Is that snake venomous?
A handy guide to some of the snakes you may run across while gardening and hiking this season.
Thu, Apr 25, 2013 at 05:56 PM
If you happen upon a snake while gardening or hiking, there’s a good chance you won’t know if it’s venomous at first glance. If you can resist the urge to run or to kill it, take a longer look. A visual check will help determine if the snake poses a danger. From a safe distance, look at:
The shape of its head. This is the easiest and most obvious indication of whether a snake is venomous or non-venomous. The head of a venomous snake is usually triangular or shaped like an arrow. Exceptions are the non-venomous Eastern hognose snake —which may flatten its head when threatened — and the coral snake.

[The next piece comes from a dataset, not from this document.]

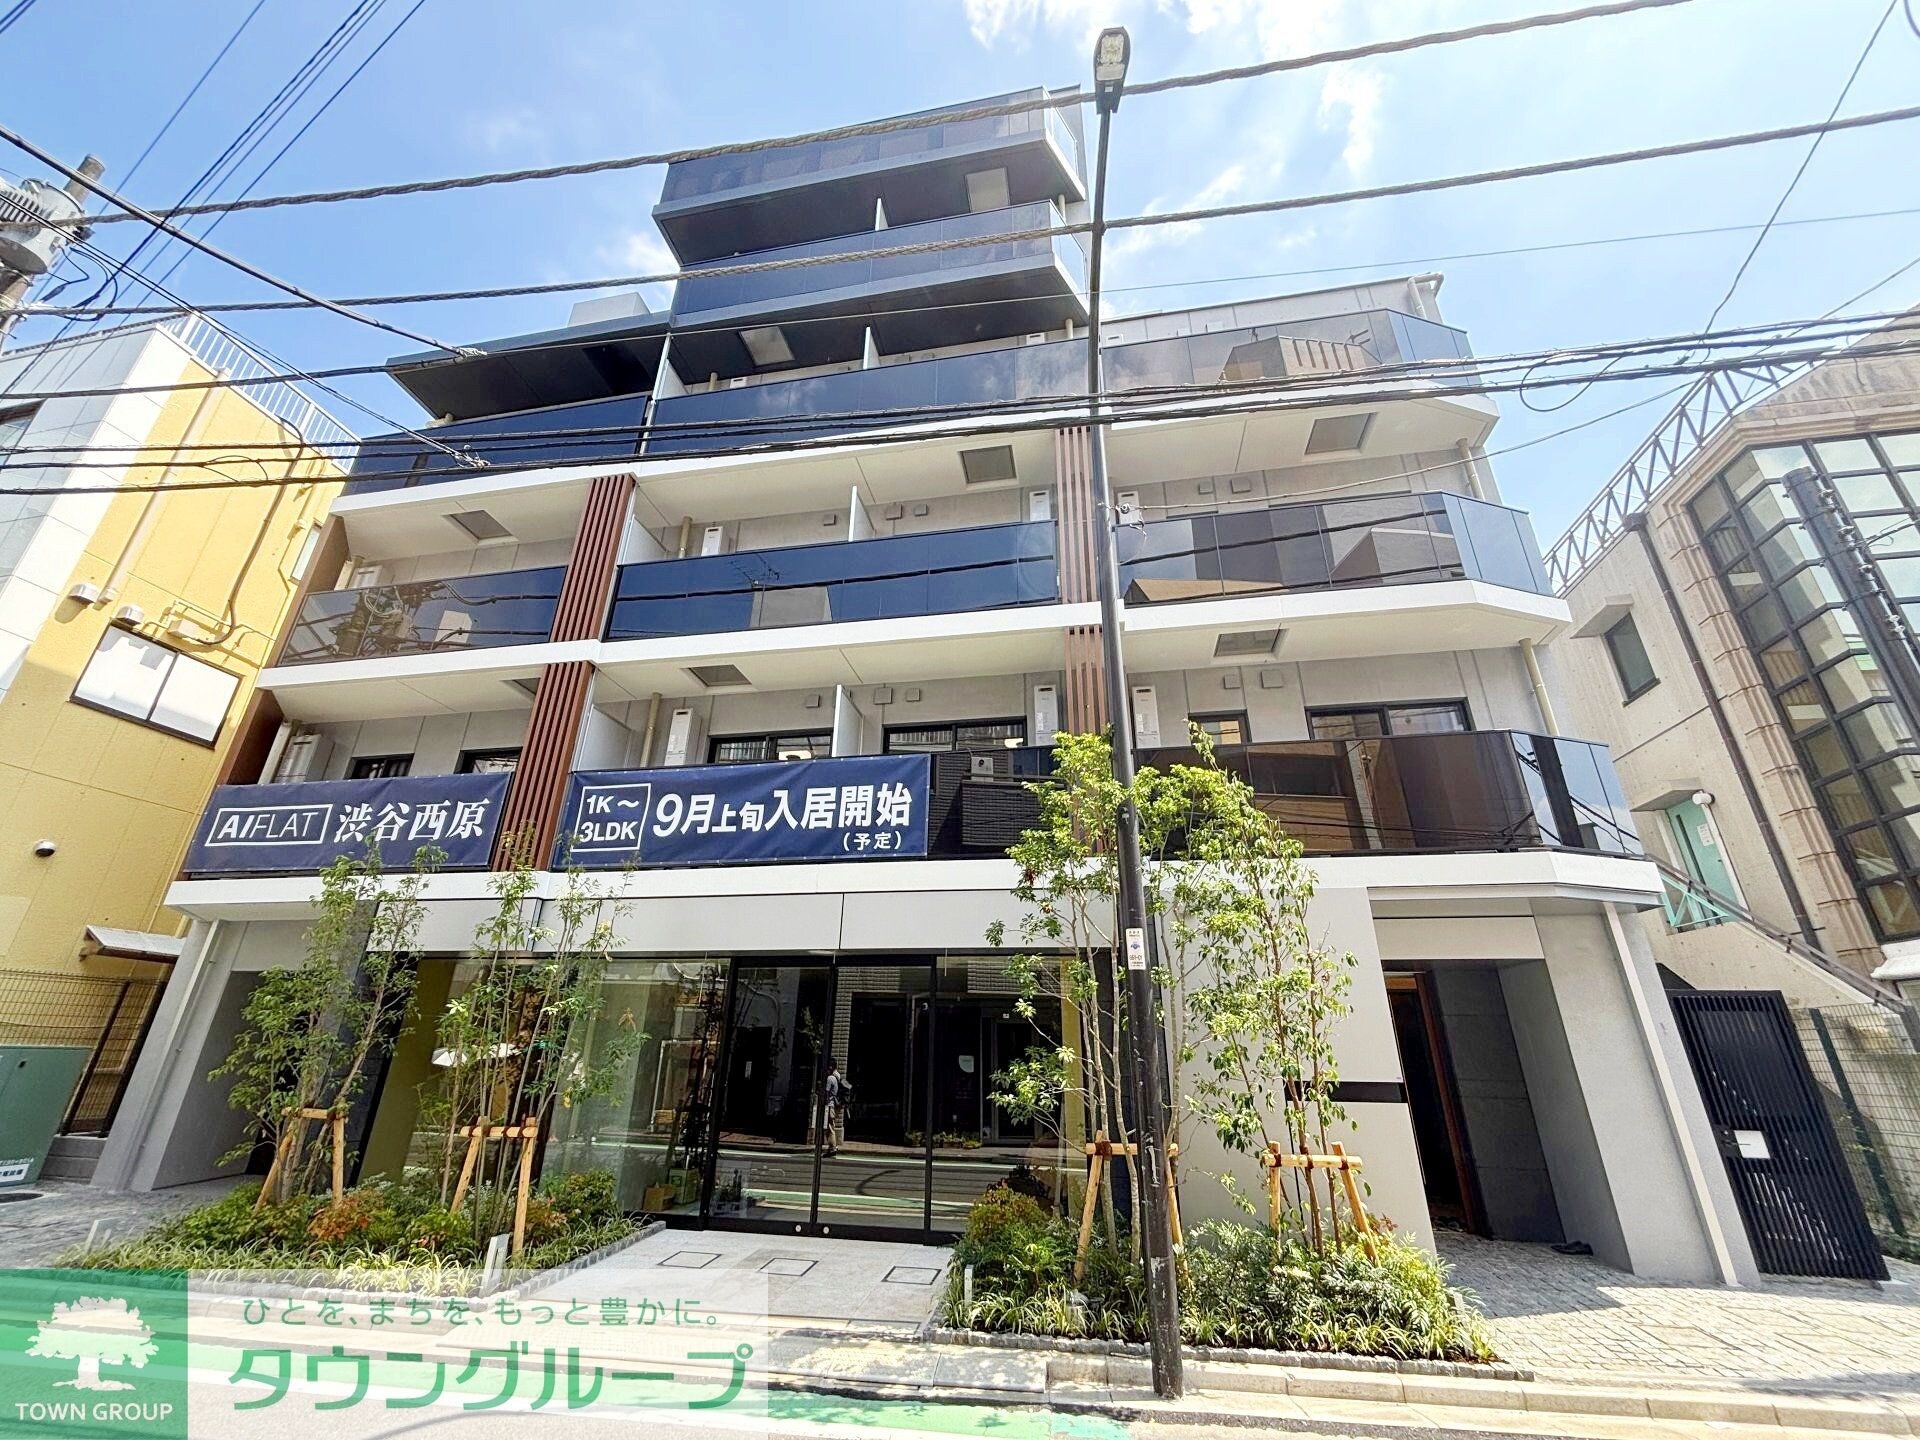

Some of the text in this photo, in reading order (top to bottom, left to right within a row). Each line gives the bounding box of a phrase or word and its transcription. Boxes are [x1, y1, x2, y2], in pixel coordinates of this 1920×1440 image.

Its eyes. Venomous snakes usually have a vertical, elliptical (cat-like) pupil, whereas the pupil of a non-venomous snake will be round and located in the center of its eyes. But there are some exceptions to this general rule, said Ross Baker, owner and founder of Oxbow Reptile in Duvall, Wash. Among those exceptions are the night snakes (Hypsiglena). Also look to see if there is a pit, or hole, between the snake’s eyes and nostrils or to the sides of the eyes. A venomous snake has a heat-sensitive pit or pits that enable it to locate warm-blooded prey, even in the dark. Non-venomous snakes lack these specialized sensory pits.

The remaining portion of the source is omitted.